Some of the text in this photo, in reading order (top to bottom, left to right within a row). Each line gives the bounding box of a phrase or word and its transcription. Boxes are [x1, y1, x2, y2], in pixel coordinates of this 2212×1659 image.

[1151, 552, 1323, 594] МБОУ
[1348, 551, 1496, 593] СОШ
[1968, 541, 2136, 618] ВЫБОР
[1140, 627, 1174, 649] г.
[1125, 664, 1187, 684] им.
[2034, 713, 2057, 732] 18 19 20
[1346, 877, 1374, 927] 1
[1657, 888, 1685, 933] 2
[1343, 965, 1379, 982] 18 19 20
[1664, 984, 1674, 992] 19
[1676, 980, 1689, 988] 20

══════

» Instructions to follow
All of the lines above must be returned exactly.

» Output
Some of the text in this photo, in reading order (top to bottom, left to right within a row). Each line gives the bounding box of a phrase or word and its transcription. Boxes are [x1, y1, x2, y2], in pixel coordinates of this 2212×1659 image.

[1151, 552, 1323, 594] МБОУ
[1348, 551, 1496, 593] СОШ
[1968, 541, 2136, 618] ВЫБОР
[1140, 627, 1174, 649] г.
[1125, 664, 1187, 684] им.
[2034, 713, 2057, 732] 18 19 20
[1346, 877, 1374, 927] 1
[1657, 888, 1685, 933] 2
[1343, 965, 1379, 982] 18 19 20
[1664, 984, 1674, 992] 19
[1676, 980, 1689, 988] 20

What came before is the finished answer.